How engaged are your board members? According to a Boardable survey, 50 percent of respondents said that they felt more passionate and engaged about the importance of their work on a board or for a nonprofit as a result of the COVID-19 pandemic. While 24 percent of respondents felt about the same level of passion for their role, around 22 percent felt disengaged, distracted, and discouraged about their role.
Your board members are the community leaders of your agency. You need every one of them to be engaged. Which means working with your board chair to provide a good board experience, onboarding new board members correctly, training them, providing them with meaningful work, and expressing your gratitude for their service.
The Board Chair Role
Simply put, the board chair manages the board while you manage the staff. As such, it is the board chair’s role to ensure board member expectations are discussed and agreement is reached. And the board chair is responsible for creating the environment in which board members work. The chair may have help, for example through the executive committee and/or a governance committee. But ultimately it is the board chair who ensures that the work of the board is done.
And then there is you. Although you will have relationships with every board member, and your development director may too, it is the board chair who you will turn to in matters regarding board member behavior and performance. You and your board chair work in tandem to make sure things runs smoothly.
Onboard Correctly
If you want a high-functioning board, you need to discuss expectations from the beginning. We talked about recruiting good board members in the last chapter. The next step is to onboard them.
One of the easiest ways to reinforce board roles is to create a board member binder for each new board member. The binder should include, at a minimum, a:
- Board list with contact information and terms of service
- Board member job description
- Brief definition of governance with agency examples of how governance differs from management
- The legal and fiduciary responsibilities of board members
- Previous year’s board minutes
- Board and board member evaluation forms
- Current year agency budget
- Financial statements
- Their signed commitment to the terms of their board service, including a conflict-of-interest statement
When you give them their binder, go over it with them. Do not leave it up to them to review the material. You want to give them time to ask you questions and build a relationship with you. You want to engage them even further than they are.
You also want them to meet one-on-one with the board chair. You want a peer-to-peer, volunteer-to-volunteer exchange. If you and the board president are working as a team, the expectations you outlined will be reinforced during that meeting. Plus, another relationship will start to bud, strengthening the connection between the new board member and your organization.
Match your board member with a board colleague as a mentor or decide on one before the new member’s first meeting. Broaden the board relationships you create. Use the power of group connection to invest board members in their service.
As social creatures, people want to feel part of a team. So, get new board members on a committee or project right away. Let them feel a part of things. Help them feel needed and important. Use their talents. Give them opportunities to see how they contribute to the agency’s wellbeing. Motivate them to stay,
In addition, conduct three-, six-, nine-, and twelve-month check-ins, just to see how things are going. Continue to solidify your relationship with them. You also want to know about and correct any misconceptions that have formed. Your purpose is to reinforce expectations while ensuring a positive, satisfying board experience.
Provide Training
It is board members who teach the community how to interact with the noinprofit they represent. They set the example. And they need training on how to do that. Don’t set your board members up to feel like failures—help them succeed.

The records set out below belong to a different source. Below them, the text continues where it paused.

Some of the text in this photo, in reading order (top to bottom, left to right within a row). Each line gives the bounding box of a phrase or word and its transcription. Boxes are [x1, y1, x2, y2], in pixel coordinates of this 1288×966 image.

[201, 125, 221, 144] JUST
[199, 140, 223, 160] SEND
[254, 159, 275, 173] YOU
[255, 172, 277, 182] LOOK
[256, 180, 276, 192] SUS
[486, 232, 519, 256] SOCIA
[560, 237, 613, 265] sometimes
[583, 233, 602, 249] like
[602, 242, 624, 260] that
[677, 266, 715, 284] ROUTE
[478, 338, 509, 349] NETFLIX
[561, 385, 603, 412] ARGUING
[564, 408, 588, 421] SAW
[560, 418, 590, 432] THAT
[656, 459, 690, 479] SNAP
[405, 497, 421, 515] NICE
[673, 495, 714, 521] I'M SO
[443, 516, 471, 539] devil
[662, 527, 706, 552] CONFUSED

Invest in regular, ongoing board training.
Offer Meaningful Work
One of the best tactics to encourage continued board service is to provide interesting and meaningful work. This means you focus on your nonprofit’s mission and the strategies board members are taking to fulfill and grow it, not the tasks required to execute that strategy. Completing tasks in and of themselves does not lead to feeling a part of a larger purpose. There may or may not be anything exciting about them. Seeing progress toward meeting goals, on the other hand, is motivating. It shows people how what they do fits into the big picture. It gives them a sense of purpose.
You want to highlight your organization’s impact. Because every step of your agency’s progress in advancing its mission leads to more changed lives. Which gives their board service purpose. You want them excited about what they have accomplished so they will want to continue doing it.

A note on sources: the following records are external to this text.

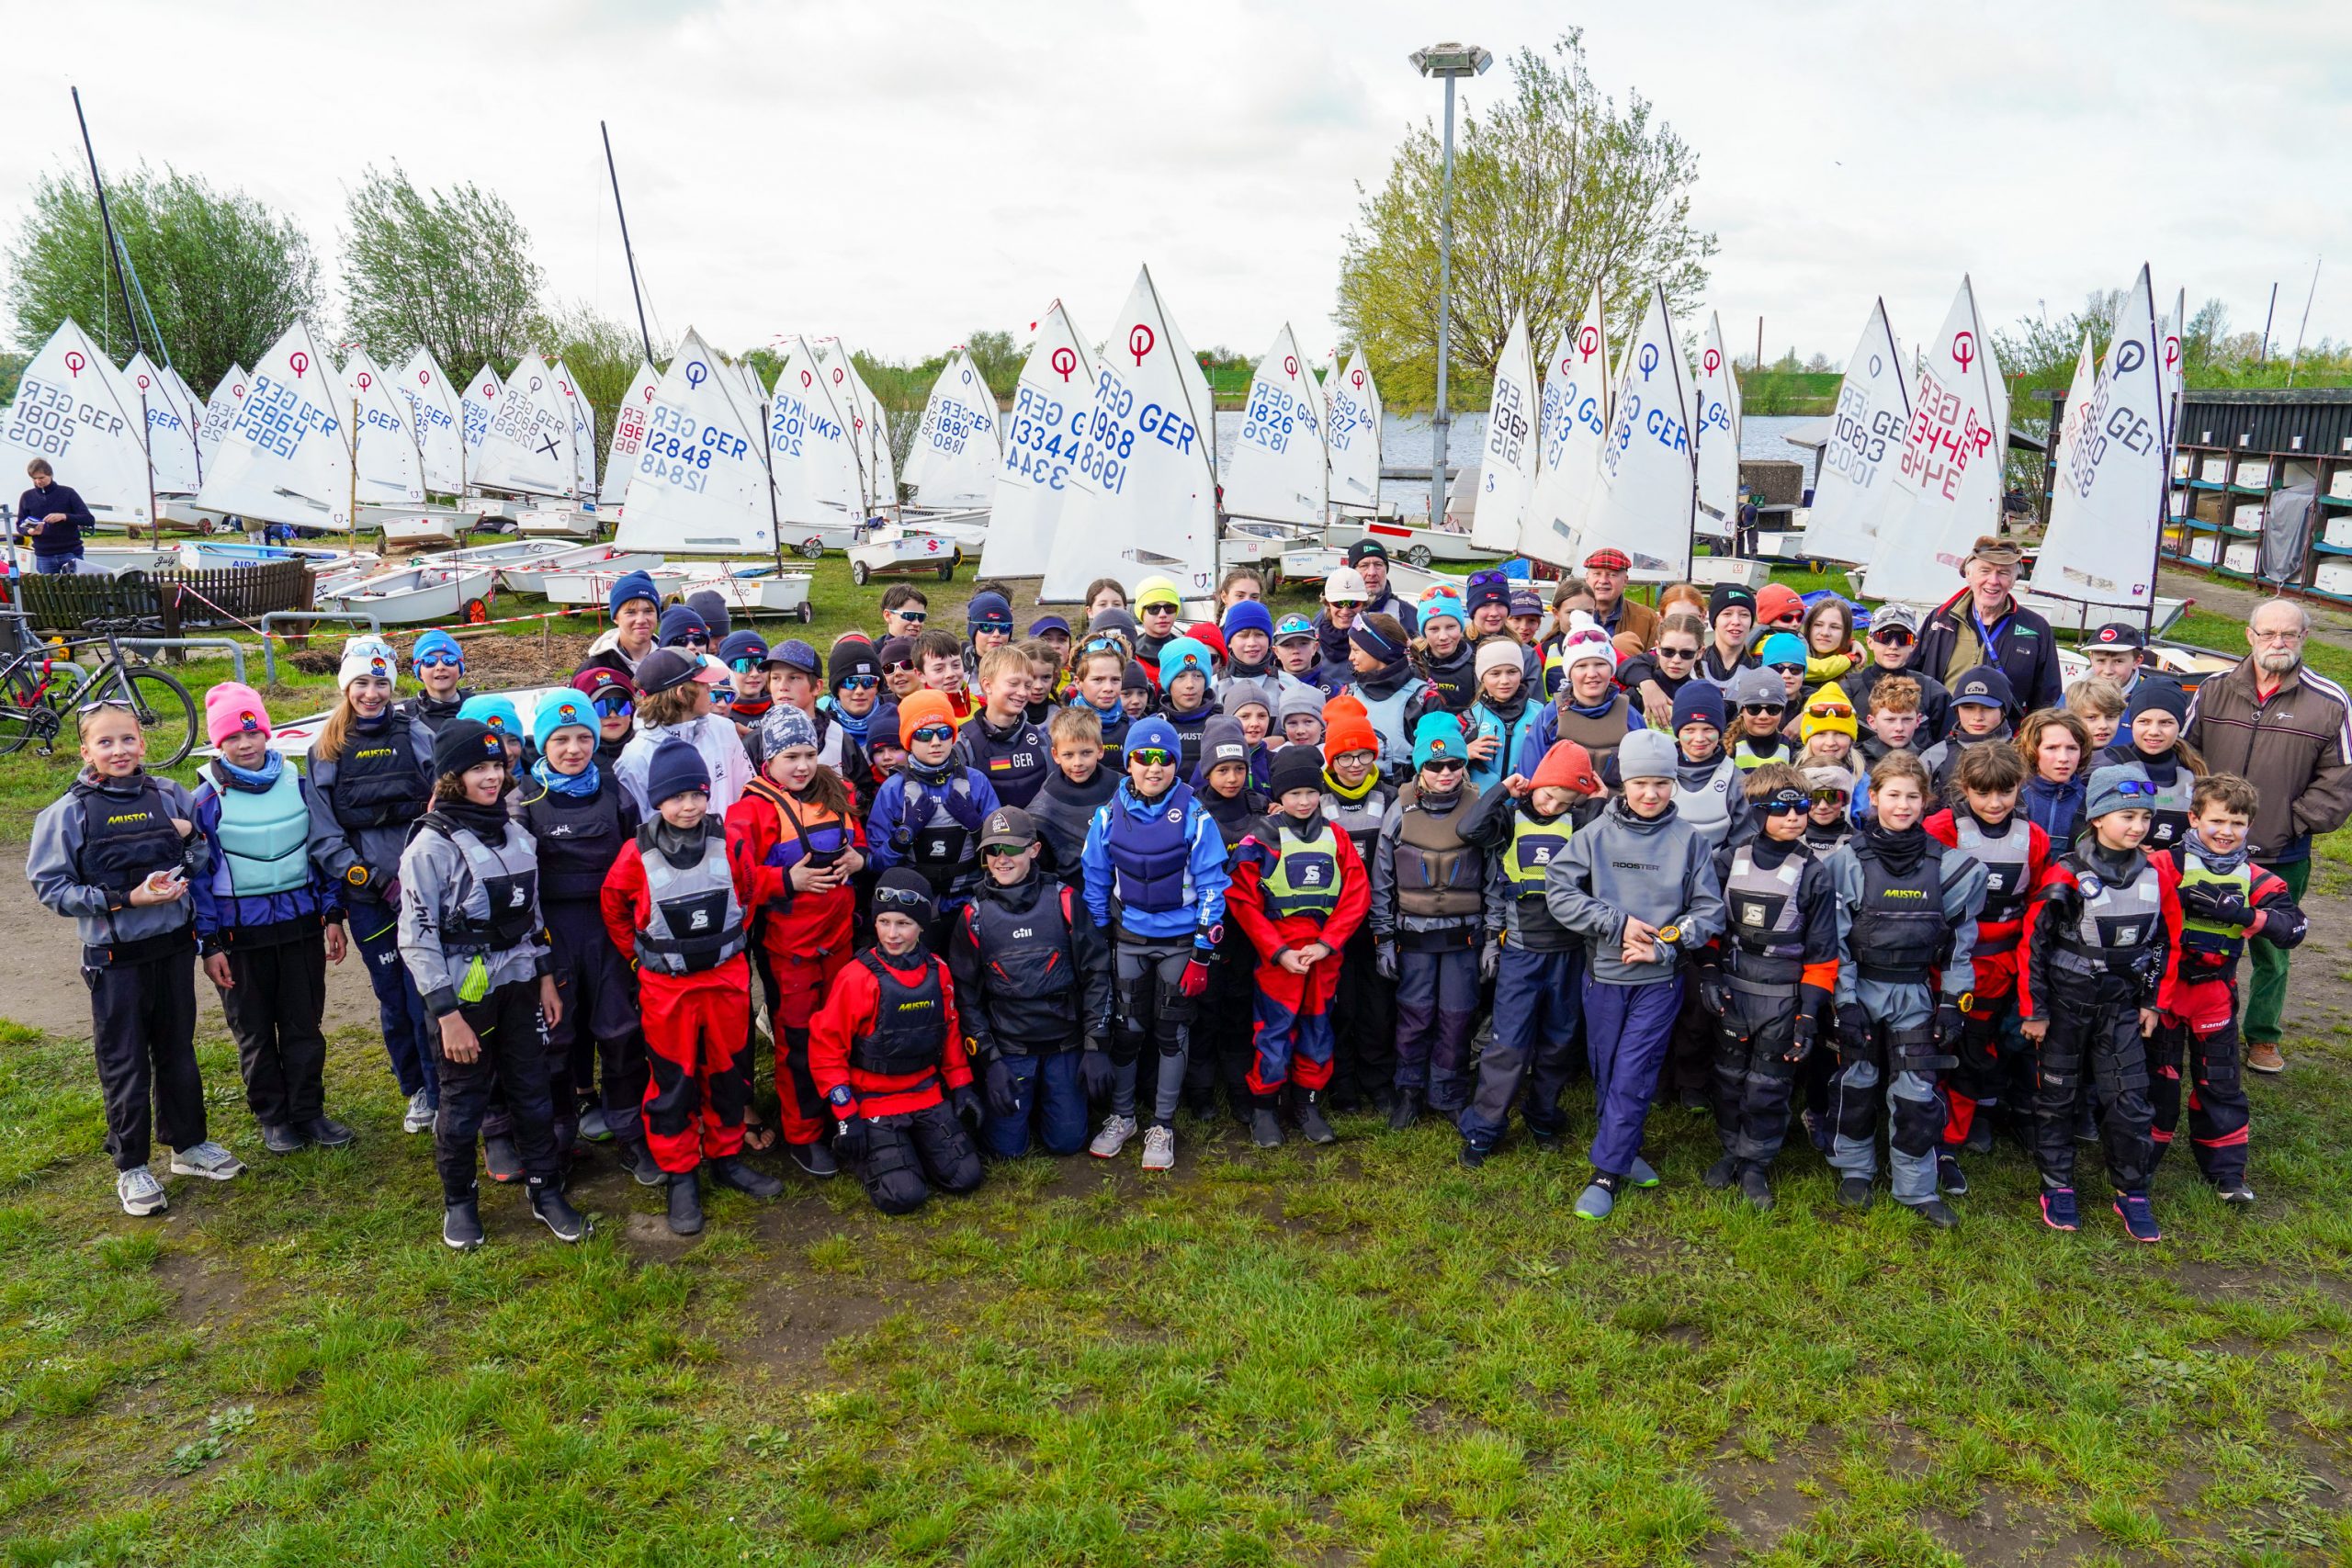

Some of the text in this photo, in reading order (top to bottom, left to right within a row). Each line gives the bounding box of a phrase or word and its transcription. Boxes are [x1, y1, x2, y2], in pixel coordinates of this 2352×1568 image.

[17, 400, 77, 437] 1805
[78, 403, 124, 437] GER
[147, 408, 181, 432] GER
[242, 394, 309, 442] 12864
[299, 400, 339, 438] GER
[368, 409, 401, 434] GER
[424, 404, 453, 431] GER
[499, 402, 540, 436] 12068
[536, 408, 566, 436] GER
[772, 413, 805, 438] 201
[808, 412, 842, 444] UKR
[936, 415, 969, 439] 1880
[1138, 402, 1195, 457] GER
[1249, 400, 1295, 434] 1826
[1296, 402, 1317, 436] GER
[701, 426, 748, 462] GER
[1010, 415, 1080, 466] 13344
[1089, 405, 1136, 459] 1968
[1646, 409, 1687, 456] GER
[1907, 407, 1972, 471] 13446
[644, 428, 713, 470] 12848
[154, 556, 178, 569] July
[731, 588, 752, 598] MSC
[355, 748, 392, 760] MUSTO
[1012, 752, 1035, 769] GER
[107, 812, 148, 825] MUSTO
[1611, 861, 1661, 873] ROOSTER
[1883, 888, 1922, 899] MUSTO
[1012, 928, 1033, 939] Gill
[379, 948, 400, 965] HH
[899, 1000, 931, 1011] MUSTO

It is thrilling to see board members doing what they signed up to do—advancing your nonprofit’s mission. And you are making it a rewarding experience they want to keep doing. How great is that?
Express Gratitude
Thank your board members for their work on the organization’s behalf. It isn’t easy being a board member, especially a chair. They need support and encouragement just as much as you do. Plus, how you treat people is generally how they will treat you. Treat all board members, no matter how much they drive you crazy, with respect, patience, and constant gratitude. A genuine thank you goes a long way to keeping board members on board.
Wrapping It Up
Are you capitalizing on the energy of the 50 percent of board members who feel more passionate and engaged about the importance of their work on a board as a result of the COVID-19 pandemic? Or do you have board members who feel disengaged, distracted, and discouraged about their role?
As the leaders of your nonprofit, you need every one board members engaged. Onboard new board members correctly, offer them training opportunities, provide meaningful experiences, and constantly authentically thank board members for their service and see what happens.